Azerbaijani actor and theatre director (1948–2026)

Alexander Yakovlevich Sharovsky (Александр Яковлевич Шаровский, Aleksandr Yakovleviç Şarovski, 10 February 1948 – 9 September 2026) was an Azerbaijani actor and theatre director, who was chief director of the Azerbaijan State Academic Russian Drama Theatre.

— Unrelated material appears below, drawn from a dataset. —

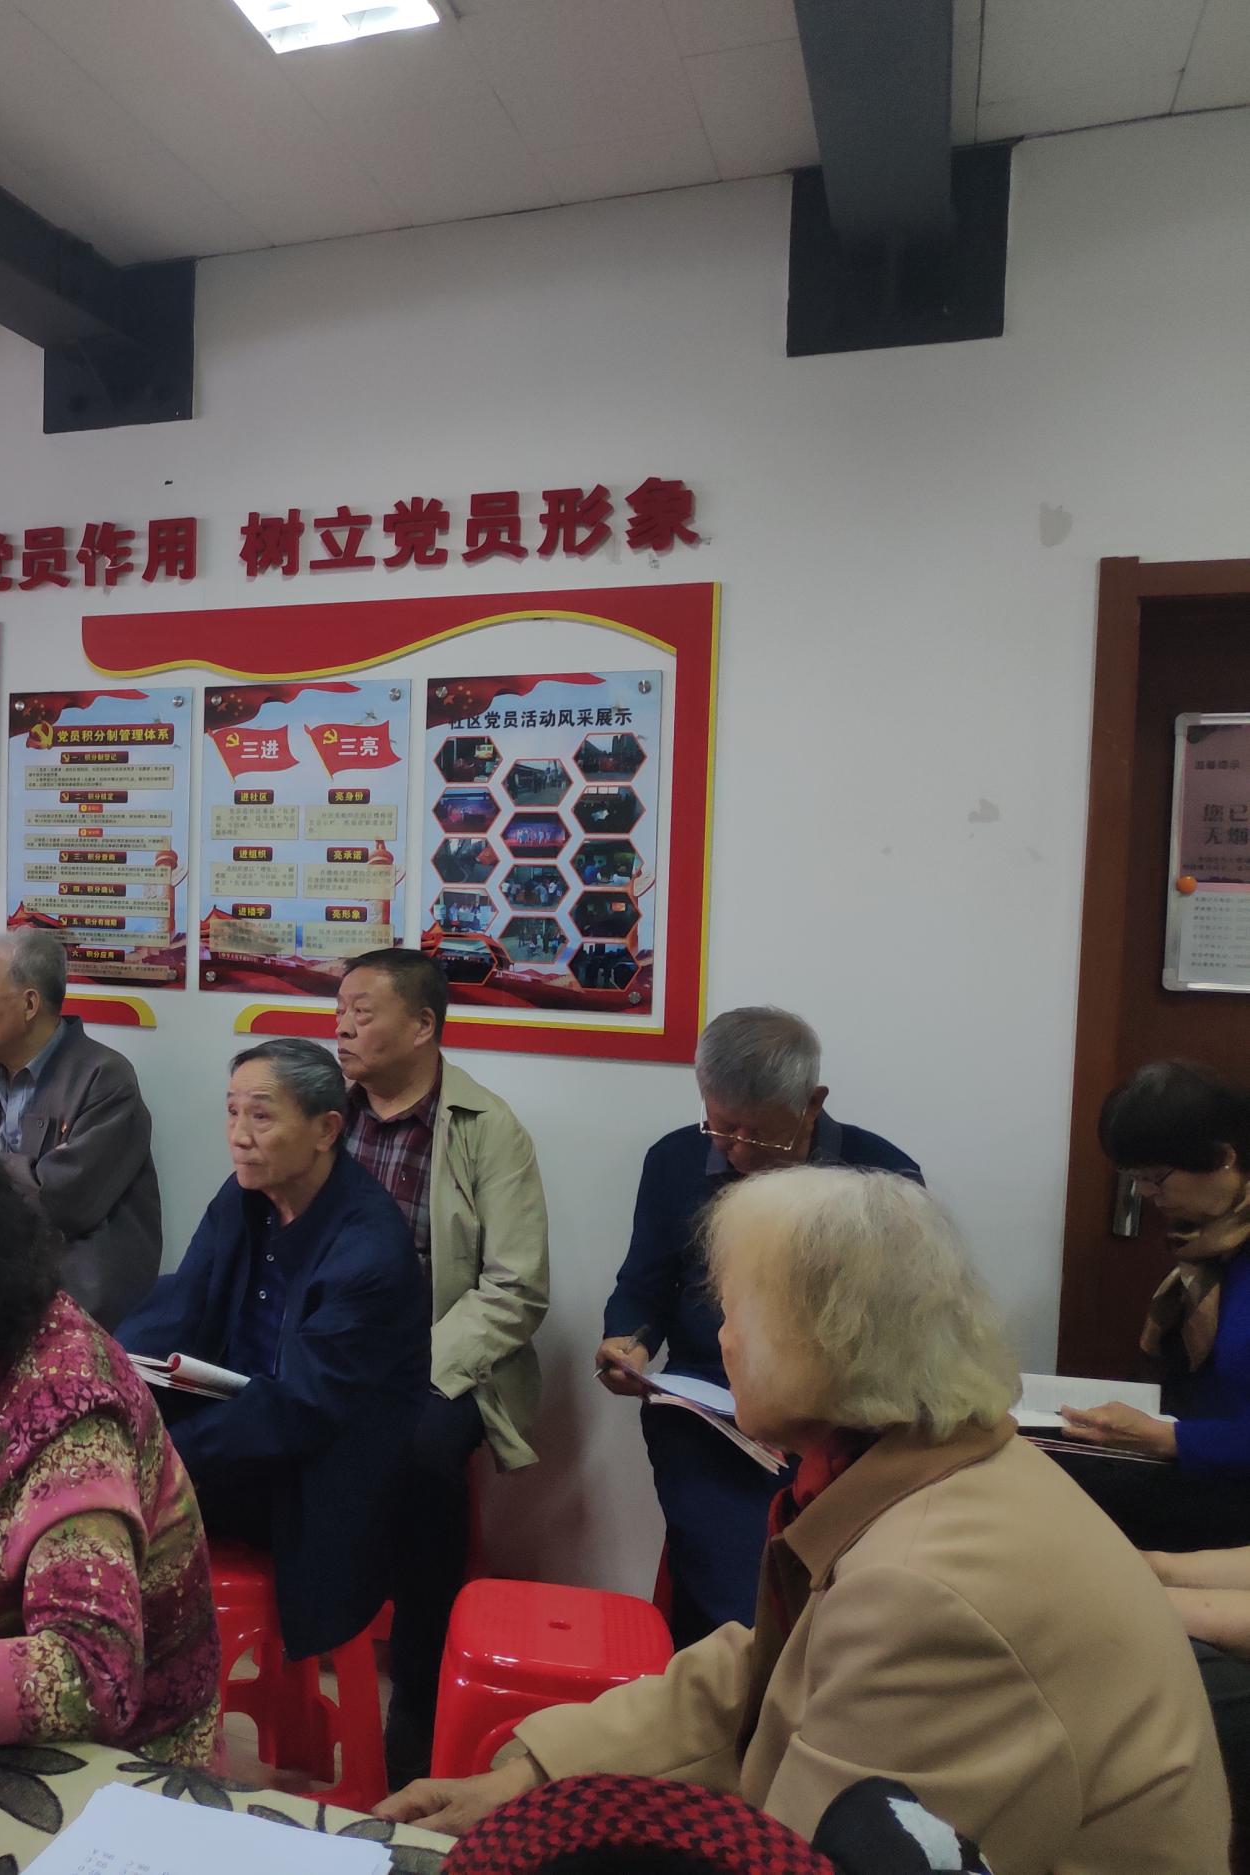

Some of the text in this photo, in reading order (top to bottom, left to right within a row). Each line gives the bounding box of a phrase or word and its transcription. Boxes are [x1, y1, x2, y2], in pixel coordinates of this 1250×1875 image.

He was also recognised as a People's Artiste of Azerbaijan (1998), and was head of the community of European Jews in Baku.

== Life and career ==
Alexander Sharovsky was born in Baku on 10 February 1948. In 1973, he graduated from Azerbaijan State Institute of Foreign Languages.

From 1967 to his death in 2026, He was an actor at the Azerbaijan State Theatre of Young Spectators, and from 1976 to his death, he continued his work at the Azerbaijan State Academic Russian Drama Theatre, where he was first an actor, then, from 1978 to 1990, an assistant director, and a production director from 11 June 1991. He was the chief director of the theater from 3 February 1993 until his death.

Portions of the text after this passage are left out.